Lifestyle
Homesteading… Life in the Fast Lane
The Lessons Learned Through Failure and Loss…
The Lessons Learned Through Failure and Loss…
A winter storm was rolling in, and that puts any homestead into high gear getting ready for the snow and freezing. The high anxiety and pressure gets everyone moving to prep the farm for the coming snow. It’s quickly checking fences, filling and covering feed, adding extra fluff, filling and moving water troughs all at double speed. There was so much to think about and do with storms, but with a team of six helping , we were able to settle down around dusk, just before the storm rolled in.
A massive three feet of heavy snow fell quickly over the next twenty-four hours. The first night of the storm, our two puppy livestock guardian dogs, named Enoch and Eden, were barking relentlessly. Since we live in a community surrounded by other cabins, we have to be conscious of the non-stop barking that can naturally occur with LGDs. So, we have training crates for them to sleep in until fully trained. When they wouldn’t quit barking at 5 A.M., I turned their crates around so they’d be quiet and stop being stimulated by looking out over the animals. It worked, and I went back to bed.
An hour later, it was time to get up and feed the animals. I let Enoch and Eden out, and they immediately went crazy barking and running towards the main chicken coop. I wasn’t sure if this was simply an act of adolescence, or was there a predator there needing my attention?

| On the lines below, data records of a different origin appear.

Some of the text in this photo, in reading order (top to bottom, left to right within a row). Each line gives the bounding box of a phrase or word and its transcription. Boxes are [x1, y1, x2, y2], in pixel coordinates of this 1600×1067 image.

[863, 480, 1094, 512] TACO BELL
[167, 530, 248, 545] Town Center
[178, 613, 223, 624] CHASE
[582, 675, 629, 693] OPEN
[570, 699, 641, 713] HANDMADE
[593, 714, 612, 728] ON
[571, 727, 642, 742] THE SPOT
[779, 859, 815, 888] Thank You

The phone rang pulling me away; a call from my work letting me know that it was a snow day and I wouldn’t be teaching students today. Yeah, extra sleep! Things were looking good. But, the loud barking brought me back to the situation at hand.
I hesitantly stepped out into the storm to take a look. I now had my “fancy pants” on, it was freezing outside, and I could actually sleep in another hour. So, I called the dogs back, locked them in their kennels, and went back inside where it was warm. All was well in the world. I fell back asleep.

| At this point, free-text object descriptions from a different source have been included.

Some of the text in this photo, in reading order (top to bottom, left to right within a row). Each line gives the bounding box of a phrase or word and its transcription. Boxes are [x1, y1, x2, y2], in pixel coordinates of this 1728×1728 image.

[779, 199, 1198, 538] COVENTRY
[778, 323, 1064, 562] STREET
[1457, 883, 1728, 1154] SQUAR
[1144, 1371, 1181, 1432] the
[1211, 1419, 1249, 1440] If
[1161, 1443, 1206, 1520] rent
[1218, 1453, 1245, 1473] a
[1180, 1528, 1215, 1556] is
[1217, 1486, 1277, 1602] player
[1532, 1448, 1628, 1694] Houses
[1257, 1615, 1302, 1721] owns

My eldest son who is about thirteen took the liberty of checking on the birds for me when he noticed Mom and Dad were still sleeping past the usual time. That was when he ran inside into our room. With tears streaming down his face, barely able to speak, he said he thinks that all the birds froze to death. We couldn’t believe it was that cold, and we ran out to check. Upon further inspection, we found the roof caging had broke making it vulnerable to predators. That’s when, after closely looking at the birds, we knew it was a bobcat that had killed nineteen of our chickens and four of our ducks.
When I first looked at the massacre, I must admit, I didn’t handle it very well. Immediately, I knew they were dead because of my mistake. I let out a very loud curse in front of my children and wife, and blasted out the energy and shame I was feeling with emotion. It was not the right thing to do. It’s those moments in life, a family needs the father to be the strength. And, I failed them.

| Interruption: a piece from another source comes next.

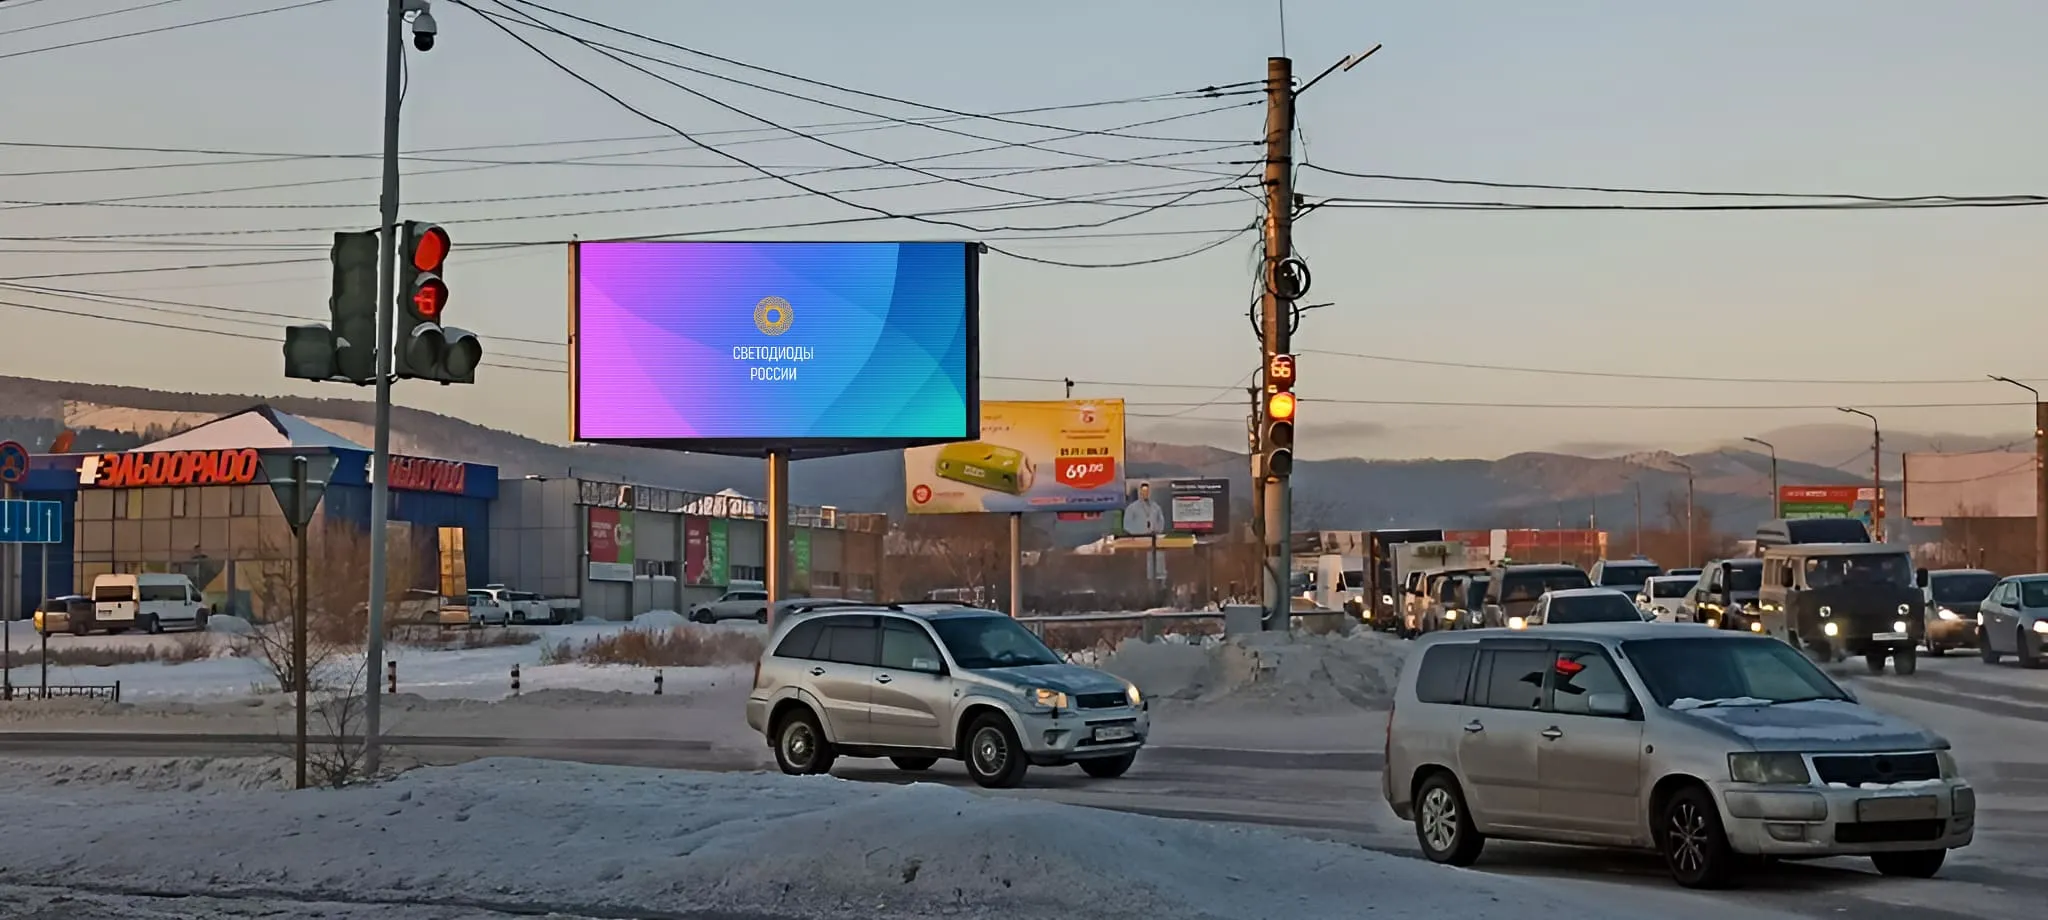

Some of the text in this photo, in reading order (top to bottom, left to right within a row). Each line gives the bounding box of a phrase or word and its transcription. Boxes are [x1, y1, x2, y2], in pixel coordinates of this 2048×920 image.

[733, 346, 814, 361] СВЕТОДИОДЫ
[750, 367, 797, 381] РОССИИ
[1066, 464, 1087, 479] 69

Homesteading puts your learning on an exponential curve. The extreme highs and lows that come several times a year for most, come almost daily when you homestead. It’s God’s accelerated school for learning Truth. I had to humble myself, pray, and quickly return as the role of father.
We processed twenty-three chickens that day. We had all the equipment, for we planned to process some birds in the future, however God had other plans. The saving grace to the horror and death we all experienced was to not let the meat go to waste. Our meat fridge was low on beef, but after processing the entire day as a family, our meat fridge was full again. Every lesson in suffering and hardship, God can work towards His glory.
The birds were dead because of me. If a homesteader gets weak, for even one night, they can lose nine months effort in the blink of an eye. In all honesty, I did not handle this test very well but took a great lesson with it. I apologized to my family, took responsibility for mistakes I made, burned my “fancy pants” and grew from the experience. For that was all I could do. The damage was done.
Tough Lessons Learned
This heavy and terrible experience did not break our spirit though. That week, the fences and roofing were reinforced and repaired. We all stepped up to take better care of all the animals we still had in our care. When the dogs bark, I now head their warning. I get up several times a night now when the dogs bark. It’s tiring, but the alternative is dead animals and a deflated family that feels like there’s no point. Laziness is not an option with this much responsibility.
Living on a homestead, it does seem that I’ve asked for some accelerated learning. When the people started closing their businesses, I knew this was the “Go Time”. I asked the Lord to allow me to finish strong and to teach me what I needed to know in order to finish the race worthy of Him. He said, “Build your homestead and control your mouth.” I thought that would be such an easy task, especially the mouth part. I actually felt insulted. Boy, was I wrong and massively humbled.
For all you Bears out there that are already homesteading, you have my utmost honor and respect. If you’ve been doing it for some time successfully, I can guarantee you are a human of high character and quality. I hope to one day reach that level. For those of you with little garden experience or a few chickens or quails, God Bless you! You are pushing yourself and learning serious life lessons daily. If you are still waiting for the right opportunity to begin, that time is now. Life’s lessons speed up when you’re in charge of other’s lives.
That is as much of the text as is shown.